4 In True, a pro se taxpayer filed an action in federal district court,
alleging that the IRS had violated his due process rights by denying him
a CDP hearing
relative to a levy on his assets. Evaluating the same judicial review statute
that is at issue here, 26 U.S.C. §6330(d), the district court concluded
that it lacked jurisdiction over the suit because the evidence showed that
the underlying tax liability was for income tax based on income derived from
True's self-employment. True had asserted that his tax liability was for an "employment
tax," urging, therefore, that the district court rather than the Tax Court
had jurisdiction over his suit. This is the very contention Marino makes, and
self- employment income may be at issue in this case as well. The Notice of
Federal Tax Lien describes the pertinent tax area as "Small Business/Self
Employed Area # 1."
5 See 26 U.S.C. §6330(d)(1) (allowing appeal from lien determination "to
the Tax Court ... or ... if the Tax Court does not have jurisdiction of the
underlying tax liability, to a district court of the United States");
26 C.F.R. §301.6230(f)(2), A-F3 [Answer to Question F3] ("If the
Tax Court would have jurisdiction over the type of tax specified in the CDP
Notice (for example, income ... taxes), then the taxpayer must seek judicial
review by the Tax Court.").
6 See 26 C.F.R. §601.102(b)(2)(i) (identifying "[e]mployment taxes" as "[t]axes
not within the jurisdiction of the U.S. Tax Court").

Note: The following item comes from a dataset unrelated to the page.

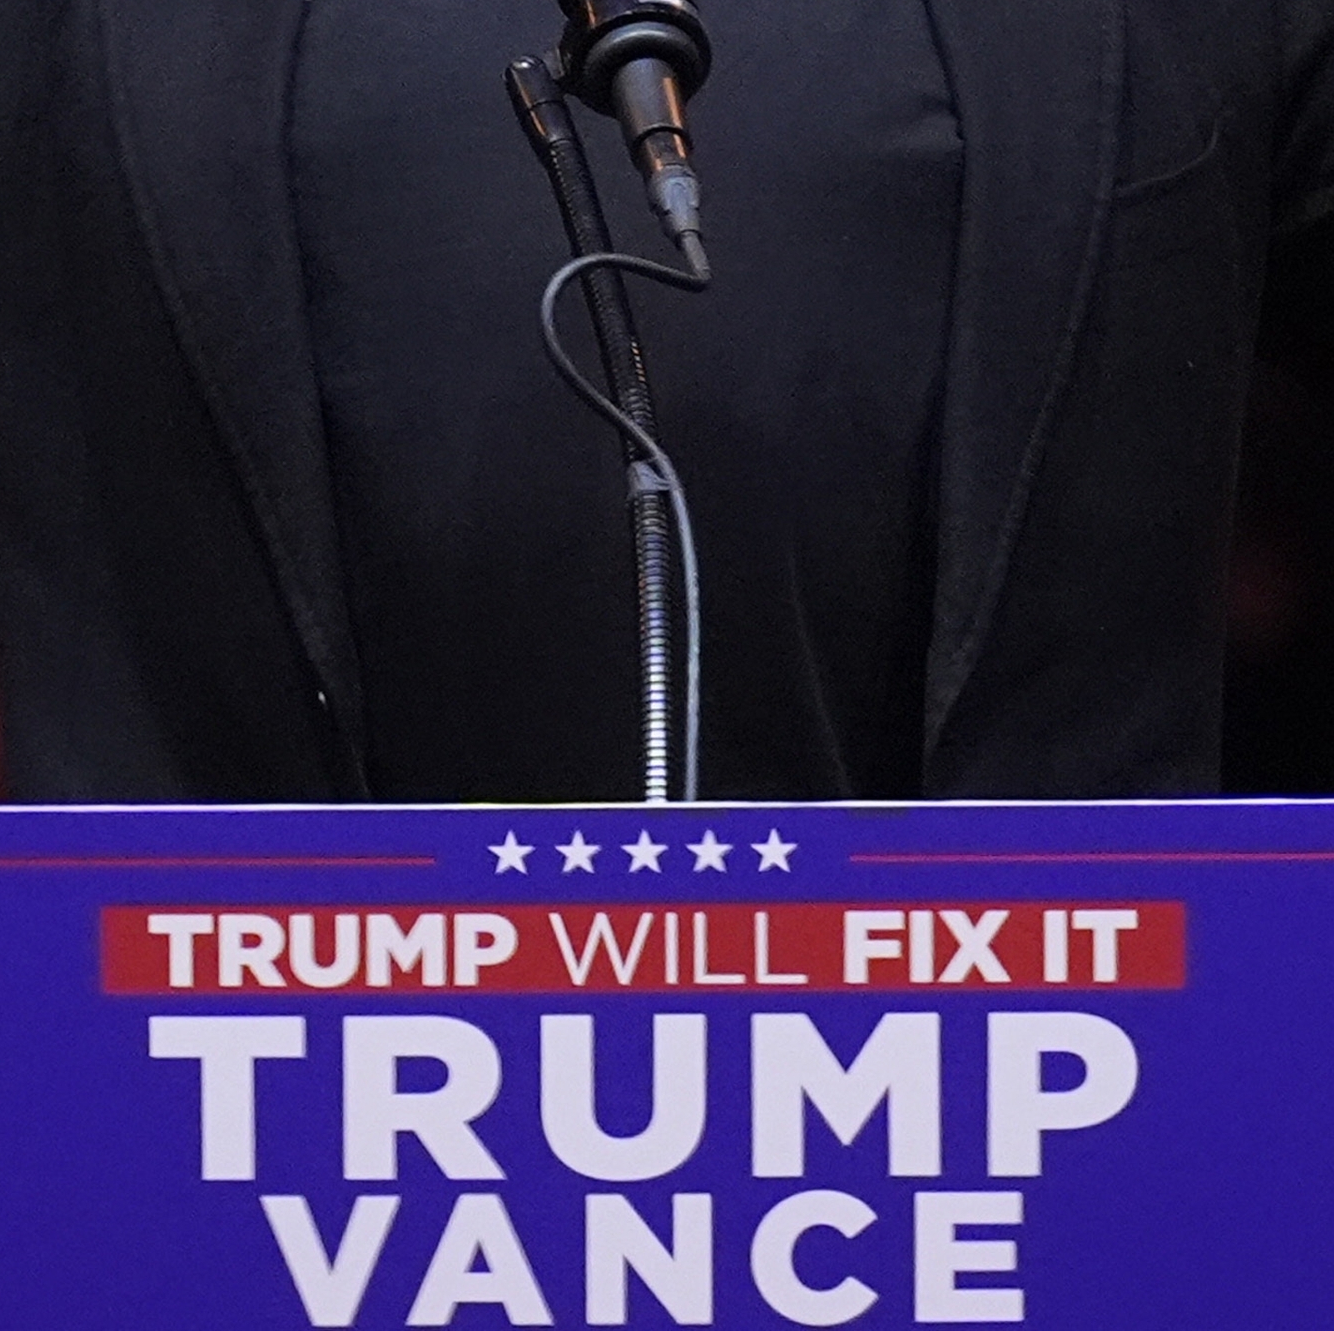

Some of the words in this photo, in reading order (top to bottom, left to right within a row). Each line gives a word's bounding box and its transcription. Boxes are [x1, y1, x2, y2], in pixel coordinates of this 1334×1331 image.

Marino does not explain
the reasoning behind her contention that the case involves "employment
taxes." That term usually includes such taxes as "the taxes under
the Federal Insurance Contributions Act (FICA), ... the Federal Unemployment
Tax Act (FUTA), and income tax withholding, [26 U.S.C. §§] 3401-
3406." Evans Publishing, Inc. v. Commissioner, 119 T.C. 242, 252 n.2
7 Marino raises the new claim that the Tax Court lacks the judicial power
to resolve the issues in this case. In particular, she asserts that the
Tax Court is an administrative tribunal in the executive branch of government,
that it is not a court of law, that it does not consider issues of law,
that it cannot exercise "Article III judicial power." The government
correctly asserts that her claim is meritless, as a Supreme Court case cited
in Marino's own appellate brief confirms. See Freytag v. Commissioner, 501
U.S. 868, 890-91 (1991) (holding that the Tax Court, although an Article I
court, exercises judicial power much like that of the federal district courts);
see also Crain v. Commissioner, 737 F.2d 1417, 1417-18 (5th Cir. 1984) (sanctioning
taxpayer for "spurious" claim that the Tax Court was "unconstitutionally
exercising Article III powers").
8 Rule 38 allows the imposition of "just damages" and single or
double costs for a frivolous appeal, and §1912 allows the same for an
appeal which has caused "delay" for the prevailing party.
9 The government has submitted a supporting declaration, pursuant to 28
by government attorney Annette M. Wietecha. Attorney Wietecha works in
the Appellate Section of the Tax Division of the Department of Justice and
had primary responsibility for defending this case.